◆ **Description of the task**: Since the pictures are not wanted, copy only the text of every record exactly.

==== Material to process ====

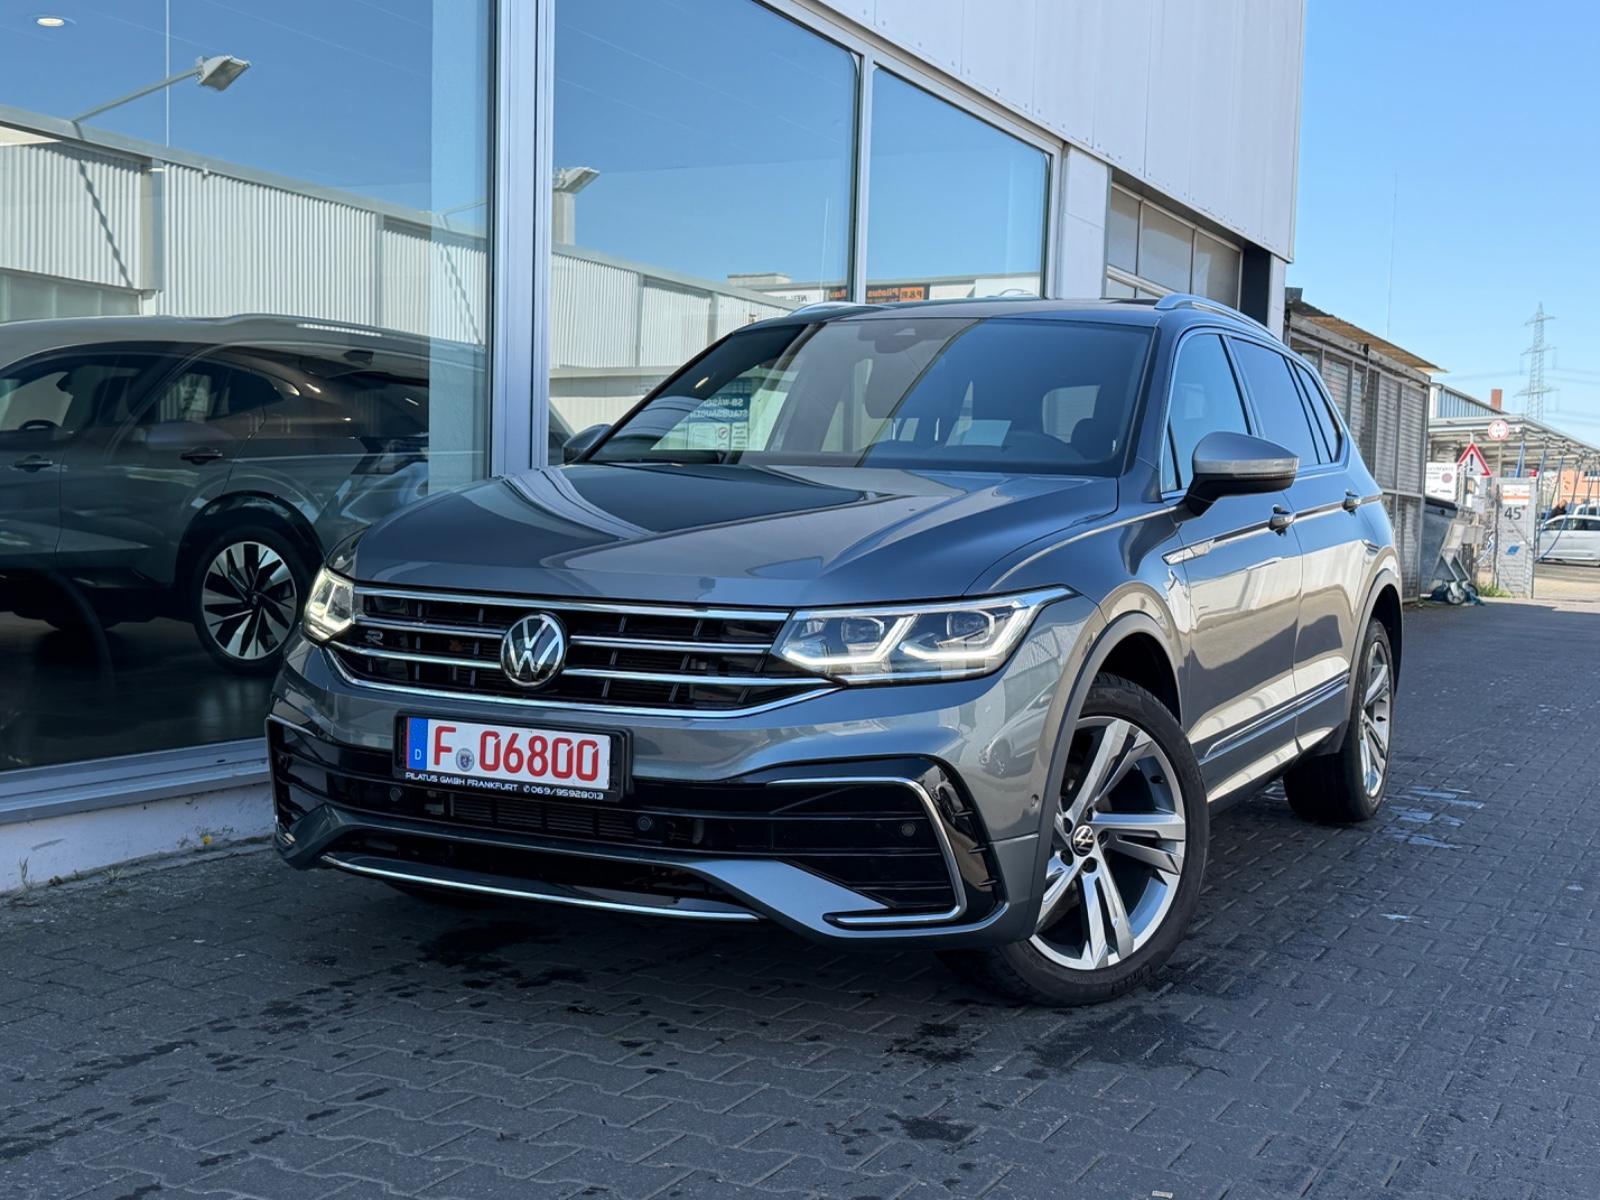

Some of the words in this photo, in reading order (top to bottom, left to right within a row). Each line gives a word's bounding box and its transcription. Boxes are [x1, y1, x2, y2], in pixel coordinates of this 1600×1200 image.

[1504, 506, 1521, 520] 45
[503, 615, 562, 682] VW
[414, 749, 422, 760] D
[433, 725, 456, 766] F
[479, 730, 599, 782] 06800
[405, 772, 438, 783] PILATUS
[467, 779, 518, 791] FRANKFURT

====

◆ **Task answer**:
Some of the words in this photo, in reading order (top to bottom, left to right within a row). Each line gives a word's bounding box and its transcription. Boxes are [x1, y1, x2, y2], in pixel coordinates of this 1600×1200 image.

[1504, 506, 1521, 520] 45
[503, 615, 562, 682] VW
[414, 749, 422, 760] D
[433, 725, 456, 766] F
[479, 730, 599, 782] 06800
[405, 772, 438, 783] PILATUS
[467, 779, 518, 791] FRANKFURT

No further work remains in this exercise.